___ EXTRACTED INFORMATION ___

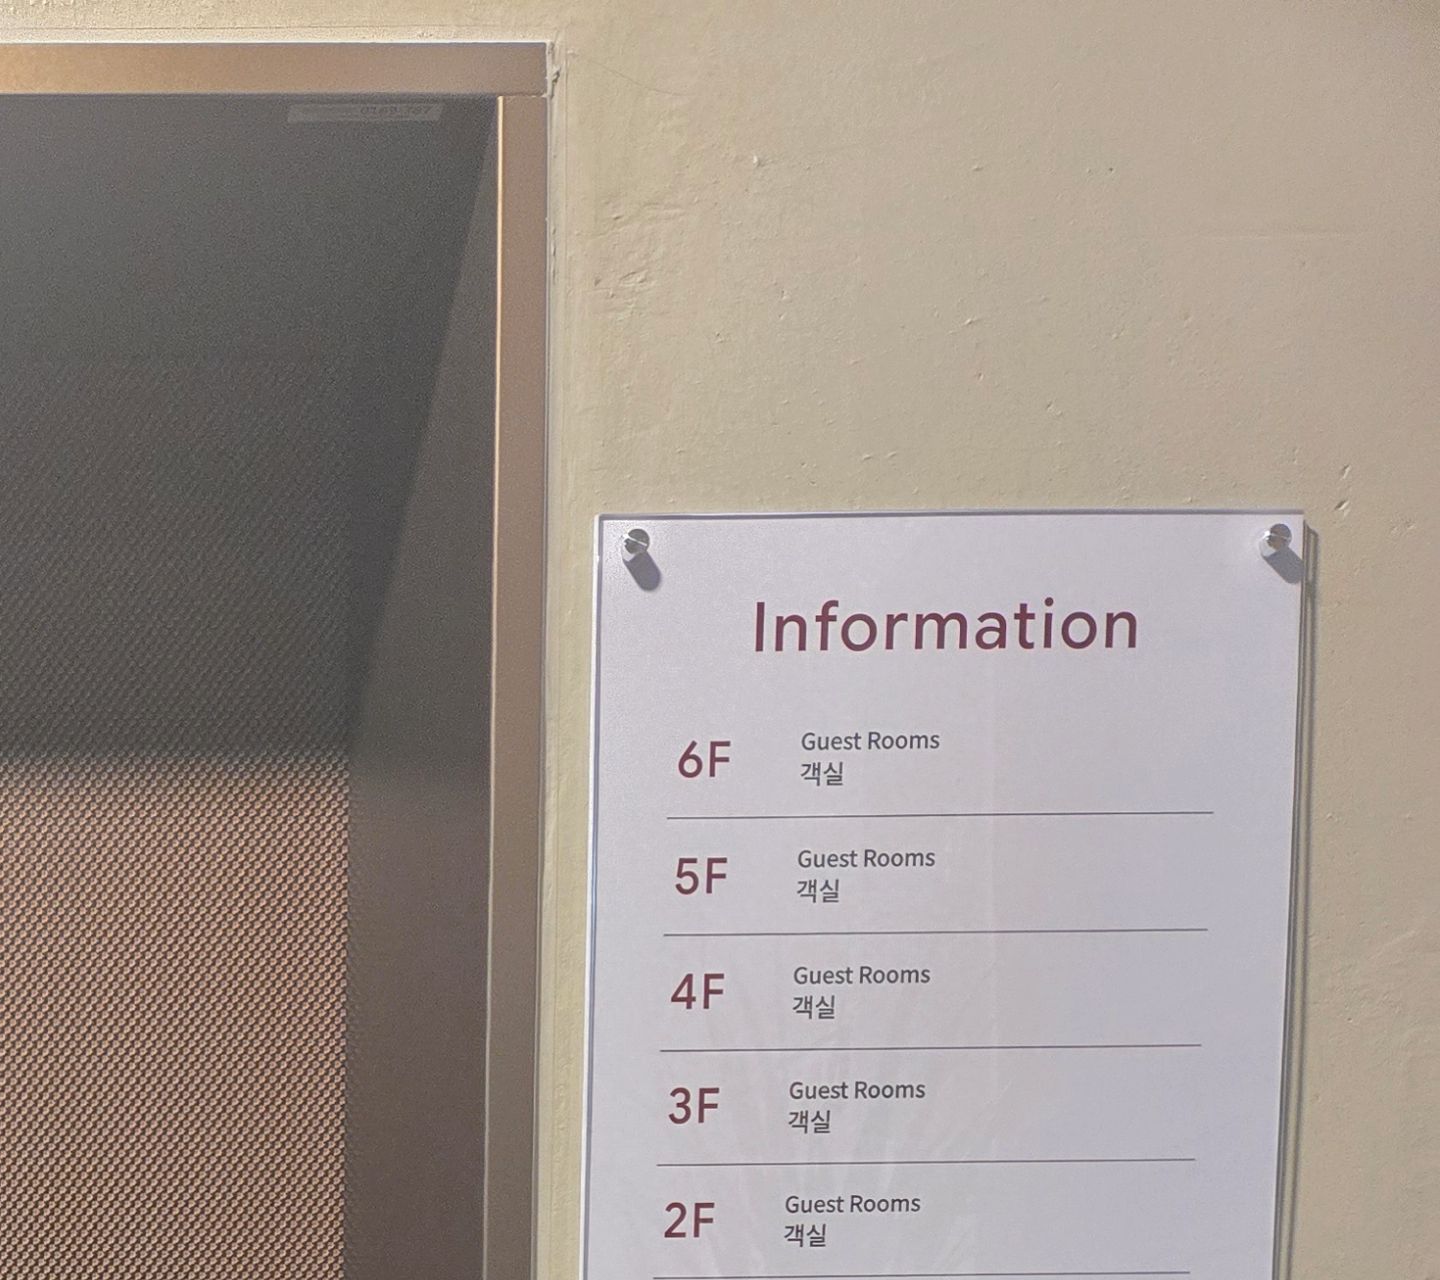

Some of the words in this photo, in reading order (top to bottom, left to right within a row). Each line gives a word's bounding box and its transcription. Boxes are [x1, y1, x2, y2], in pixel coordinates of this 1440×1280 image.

[754, 596, 1138, 653] Information
[801, 731, 862, 751] Guest
[867, 731, 940, 751] Rooms
[677, 740, 732, 779] 6F
[800, 761, 844, 787] 객실
[797, 849, 858, 869] Guest
[863, 848, 936, 868] Rooms
[674, 856, 728, 896] 5F
[796, 878, 840, 904] 객실
[793, 966, 854, 985] Guest
[859, 965, 931, 985] Rooms
[670, 972, 725, 1010] 4F
[792, 994, 836, 1020] 객실
[789, 1081, 849, 1100] Guest
[854, 1080, 926, 1100] Rooms
[668, 1087, 720, 1125] 3F
[787, 1109, 831, 1135] 객실
[785, 1195, 845, 1214] Guest
[849, 1194, 921, 1213] Rooms
[663, 1201, 716, 1239] 2F
[783, 1223, 827, 1248] 객실
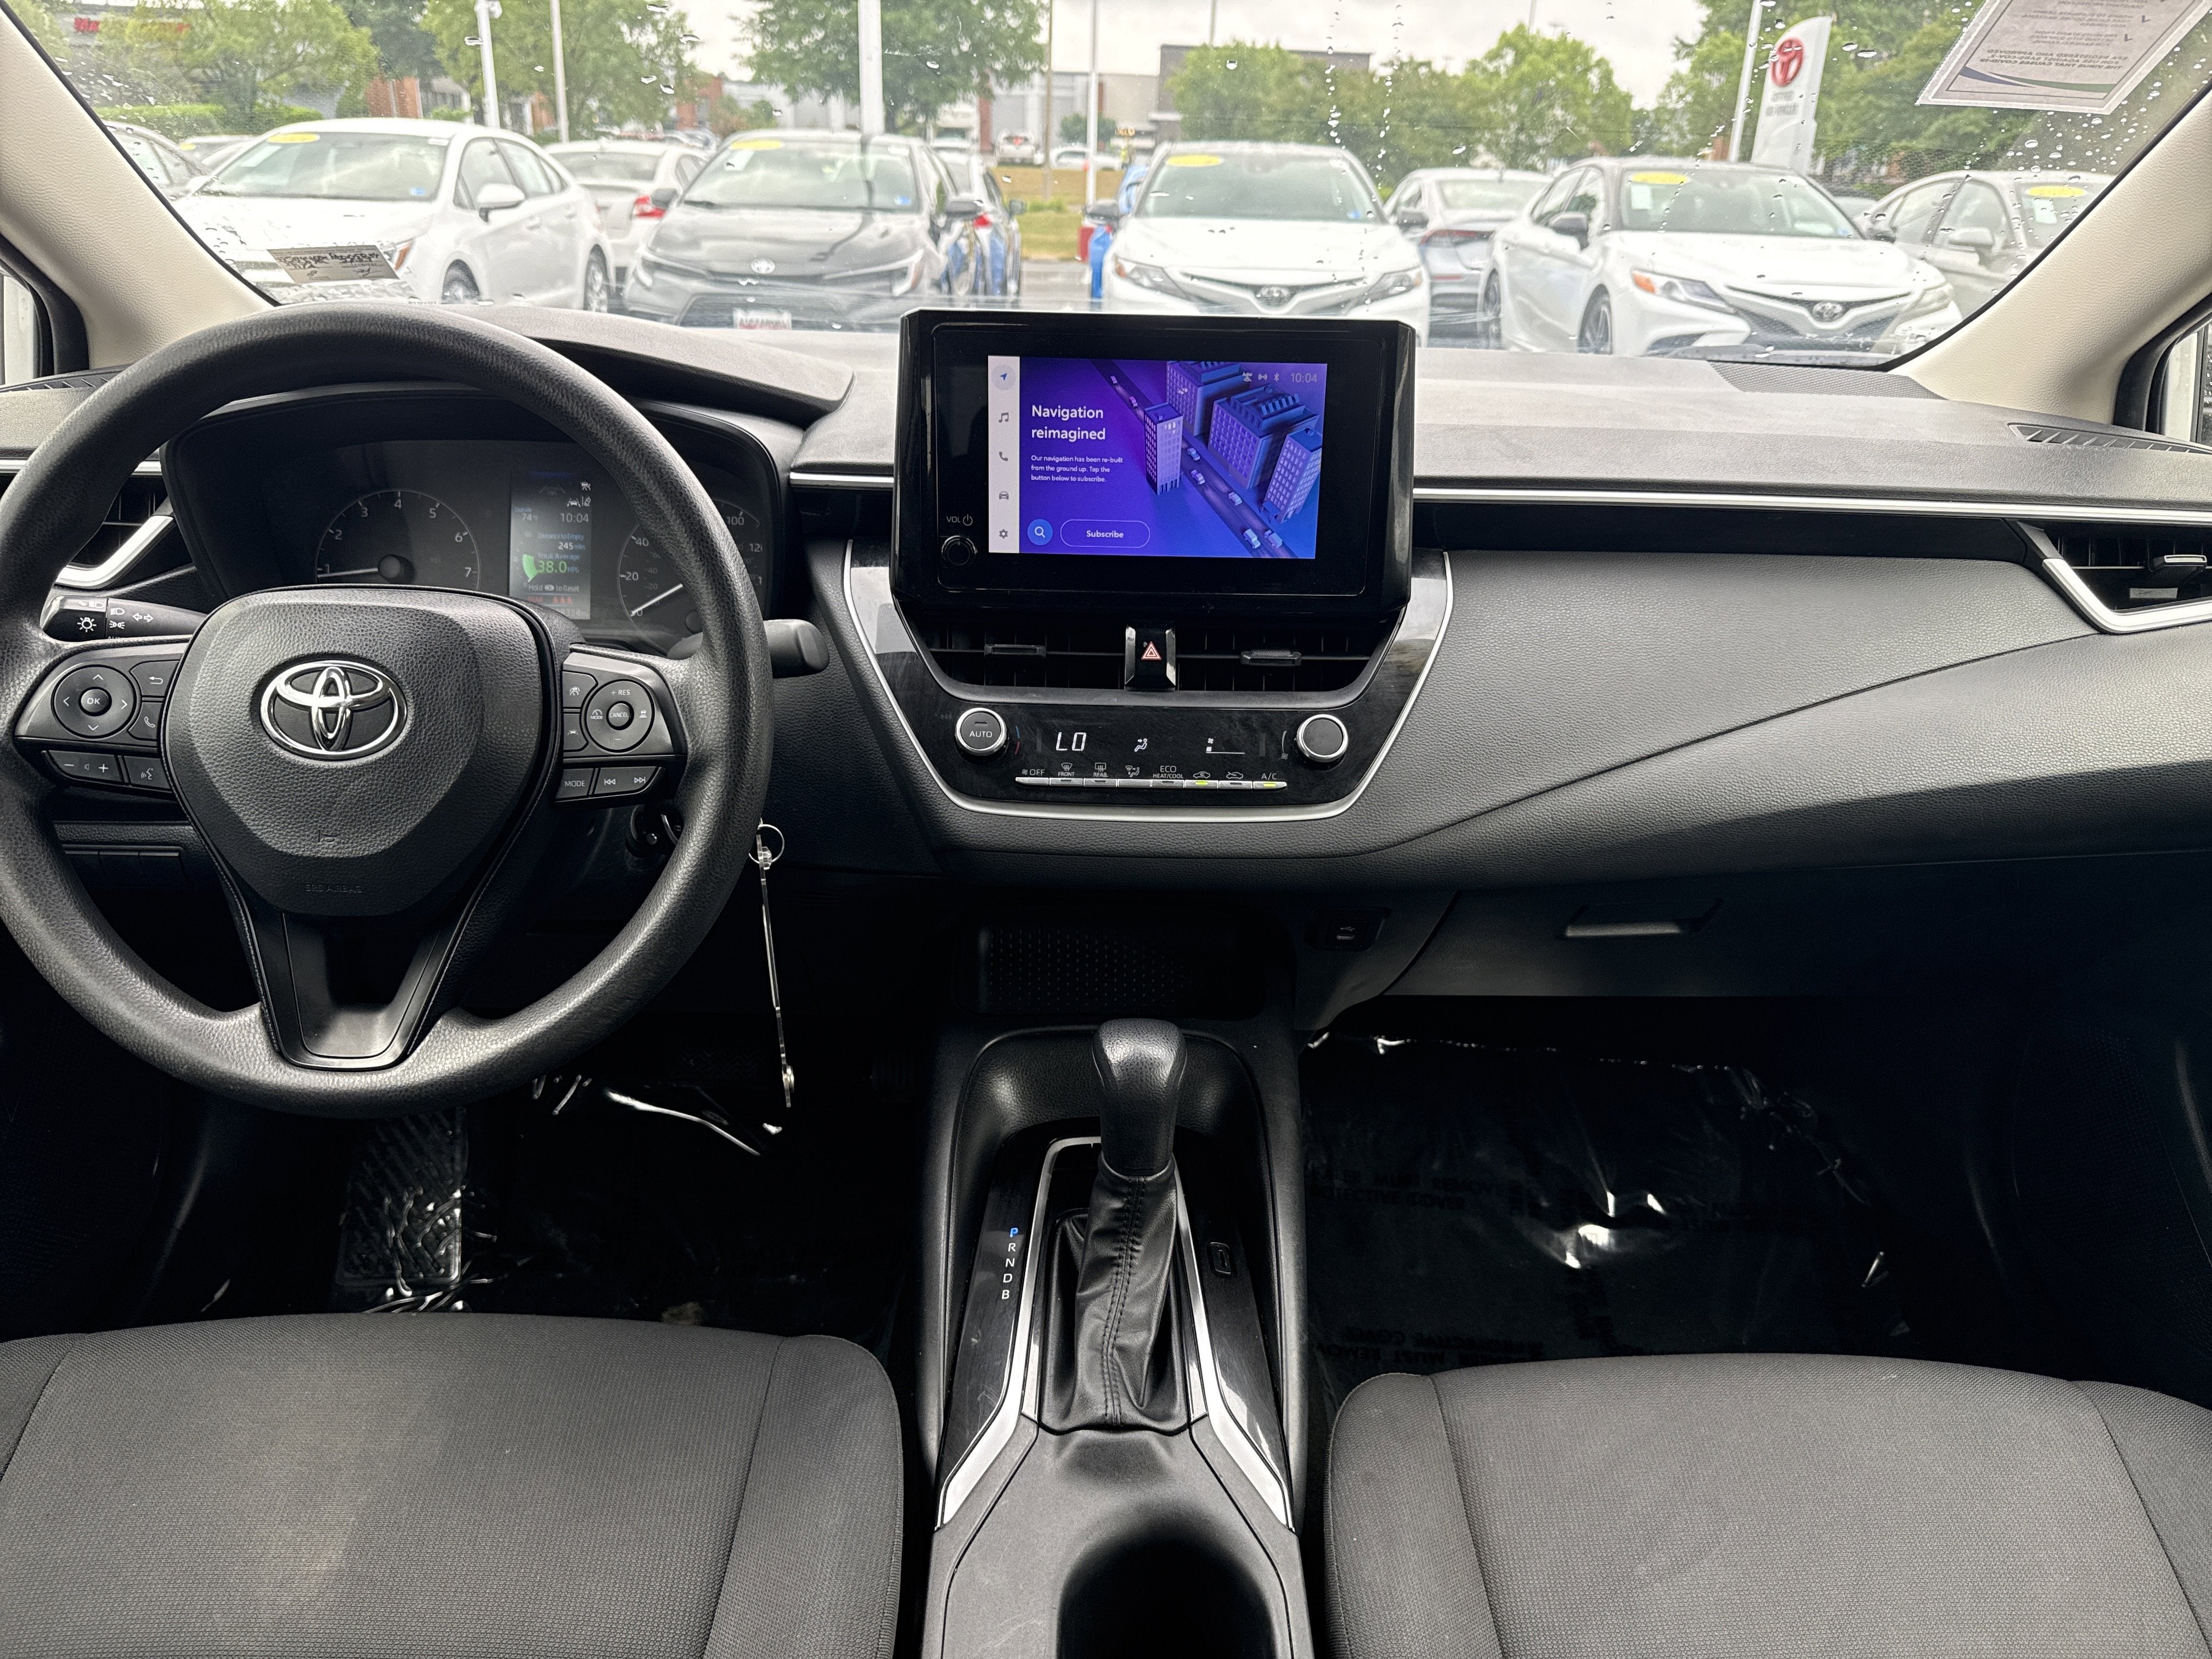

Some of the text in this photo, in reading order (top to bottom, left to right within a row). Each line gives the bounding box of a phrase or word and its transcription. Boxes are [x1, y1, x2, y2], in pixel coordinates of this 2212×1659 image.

___

This task asks for the data above repeated exactly, without a single picture.

RESPONSE AREA -
Some of the words in this photo, in reading order (top to bottom, left to right within a row). Each line gives a word's bounding box and its transcription. Boxes are [x1, y1, x2, y2], in pixel coordinates of this 1440×1280 image.

[754, 596, 1138, 653] Information
[801, 731, 862, 751] Guest
[867, 731, 940, 751] Rooms
[677, 740, 732, 779] 6F
[800, 761, 844, 787] 객실
[797, 849, 858, 869] Guest
[863, 848, 936, 868] Rooms
[674, 856, 728, 896] 5F
[796, 878, 840, 904] 객실
[793, 966, 854, 985] Guest
[859, 965, 931, 985] Rooms
[670, 972, 725, 1010] 4F
[792, 994, 836, 1020] 객실
[789, 1081, 849, 1100] Guest
[854, 1080, 926, 1100] Rooms
[668, 1087, 720, 1125] 3F
[787, 1109, 831, 1135] 객실
[785, 1195, 845, 1214] Guest
[849, 1194, 921, 1213] Rooms
[663, 1201, 716, 1239] 2F
[783, 1223, 827, 1248] 객실

Some of the text in this photo, in reading order (top to bottom, left to right within a row). Each line gives the bounding box of a phrase or word and its transcription. Boxes are [x1, y1, x2, y2], in pixel coordinates of this 2212×1659 image.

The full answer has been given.